Não faltaram curitibanos revoltados com o ocorrido, ainda que não ligados à fé Católica ou posições partidárias específicas. O produto dessa indignação abrangeu, entre outras coisas, orações em frente à Igreja do Rosário, posts de enérgica reprovação à conduta do então parlamentar e manifestações populares.
Mas, será que aqueles que não concordaram com a atitude de Renato Freitas estavam restritos a essas reações, ou poderiam ter feito algo diferente?
A resposta curta é sim, tanto que eu e meu sócio Matheus Guérios reagimos a esses fatos com um pedido de cassação do agora ex-vereador, que foi processado com base em nossa representação, em conjunto com outros requerimentos apresentados por vereadores, o que culminou em sua cassação.
Ainda que eu e meu colega sejamos advogados, não foi a nossa profissão que nos permitiu apresentar esse pedido, mas – sim – um direito que é garantido a qualquer cidadão. Entretanto, como poucos sabem que possuem esse direito, é oportuno falar sobre o tema quando um episódio destes vem à tona.
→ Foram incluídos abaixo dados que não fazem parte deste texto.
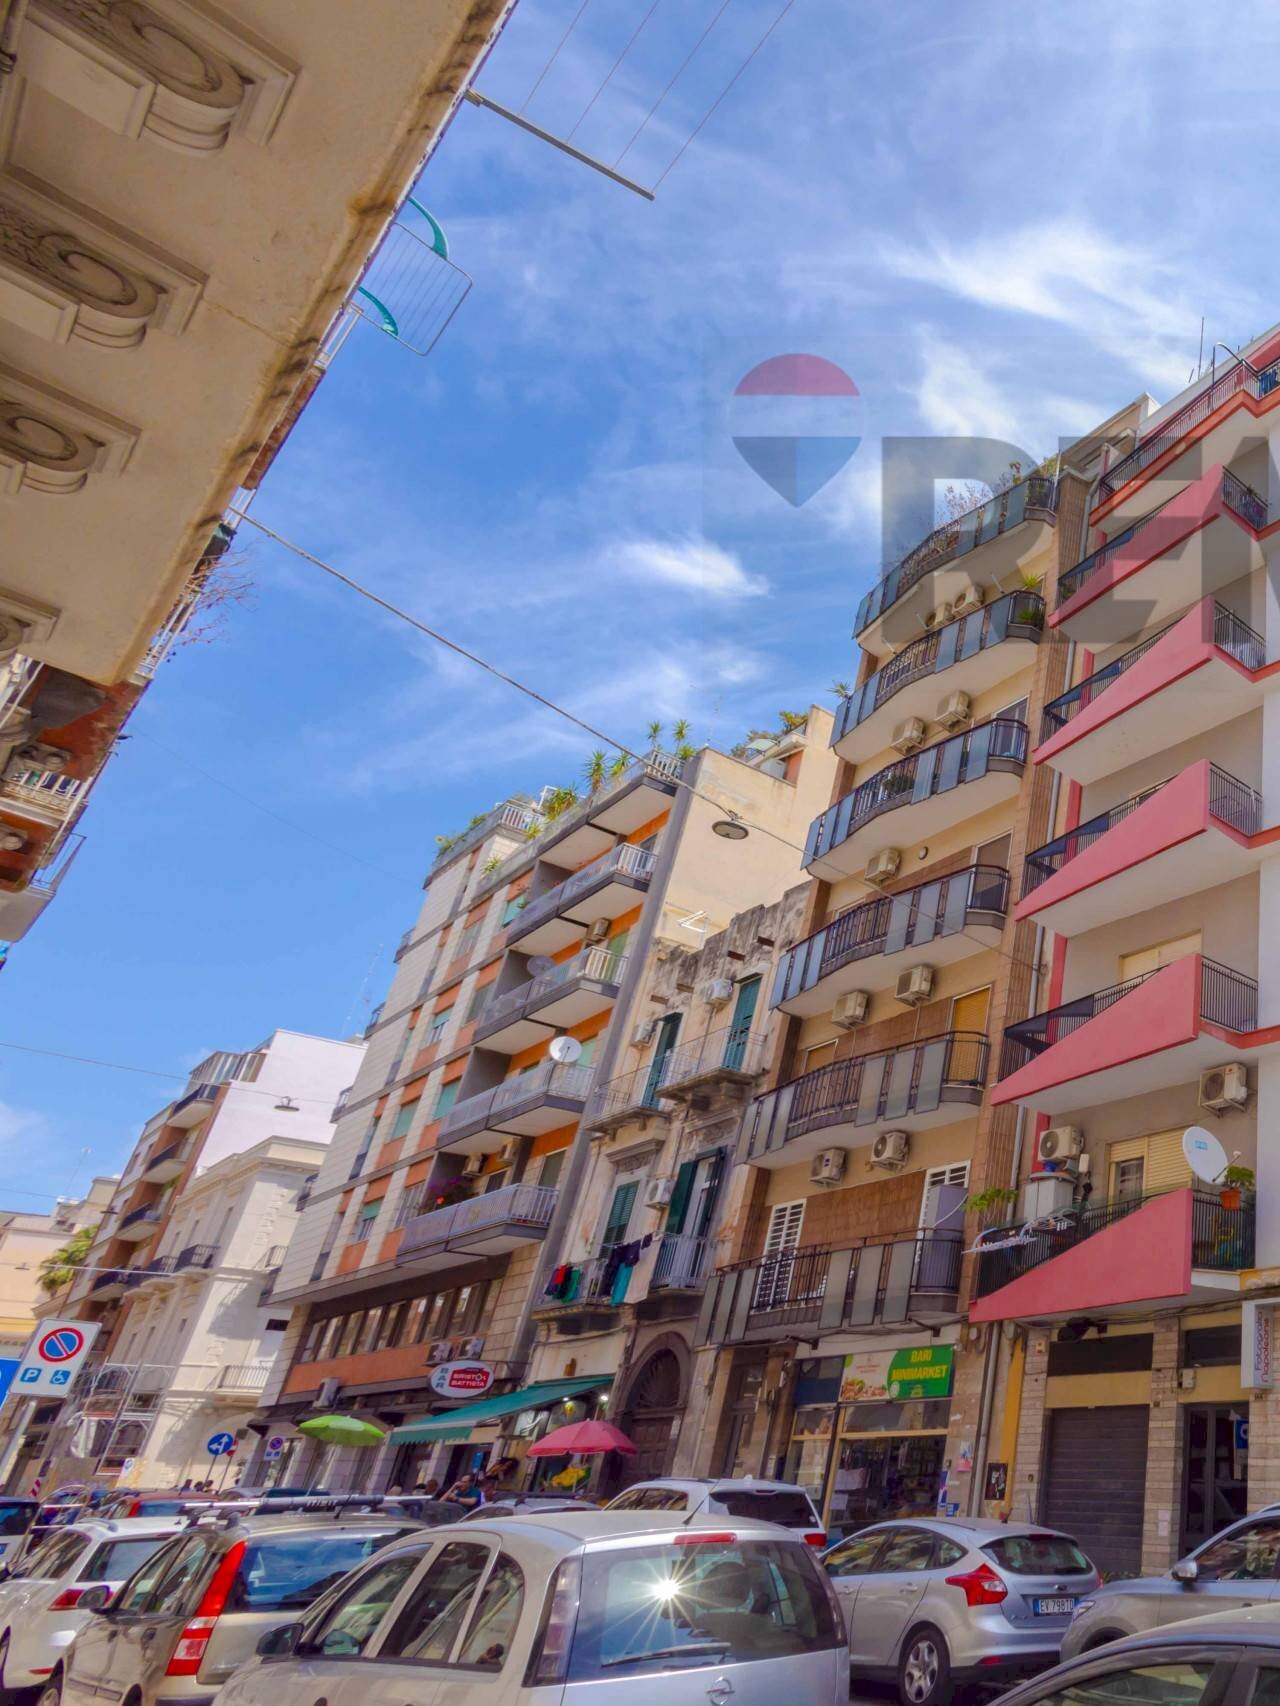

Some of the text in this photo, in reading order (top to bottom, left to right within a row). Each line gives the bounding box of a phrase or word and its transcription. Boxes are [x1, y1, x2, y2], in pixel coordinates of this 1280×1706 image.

A primeira coisa a ser entendida é que, segundo norma vigente no município de Curitiba, “qualquer pessoa é parte legítima para requerer à Mesa representação em face de vereador que tenha incorrido em conduta incompatível ou atentatória ao decoro parlamentar, especificando os fatos e as respectivas provas”.
Ou seja, qualquer um, diante de ato que fira o decoro parlamentar que todo vereador deve respeitar, pode solicitar à Câmara que a conduta do parlamentar seja apurada e que, como consequência, seja imposta até mesmo a punição de cassação, como foi o caso de Freitas.
Mas por que alguém faria isso? Os agentes políticos não estão acima da lei. Vereadores, deputados e senadores são eleitos por todos nós para atuarem como nossos representantes no exercício do Poder Legislativo, na produção de normas aplicáveis a todos nós. Então, se alguma dessas pessoas que elegemos para nos representar age em desconformidade com suas obrigações de decoro, não parece fazer sentido que possamos nos insurgir contra isso por meio de uma representação de cassação?
Evidentemente que sim e vale citar que isso já aconteceu em outras situações. Um exemplo é o caso do deputado paulistano Arthur Moledo do Val e suas grotescas mensagens de áudio a respeito das mulheres ucranianas.
E o direito de questionar atos estatais e políticos não está restrito a representações contra um parlamentar, uma vez que a Constituição Federal garante a possibilidade de cidadãos proporem ações populares para anular atos lesivos ao patrimônio público, à moralidade administrativa, ao meio ambiente e ao patrimônio histórico e cultural.
Da próxima vez que você, cidadão, se revoltar com a atitude de algum agente político ou estatal, não precisa esperar pelas próximas eleições para exercer seu direito constitucional. Em muitas situações, você pode ajudar a restabelecer a ordem muito antes disso.
Lincoln Domingues é advogado e sócio do escritório L. Domingues.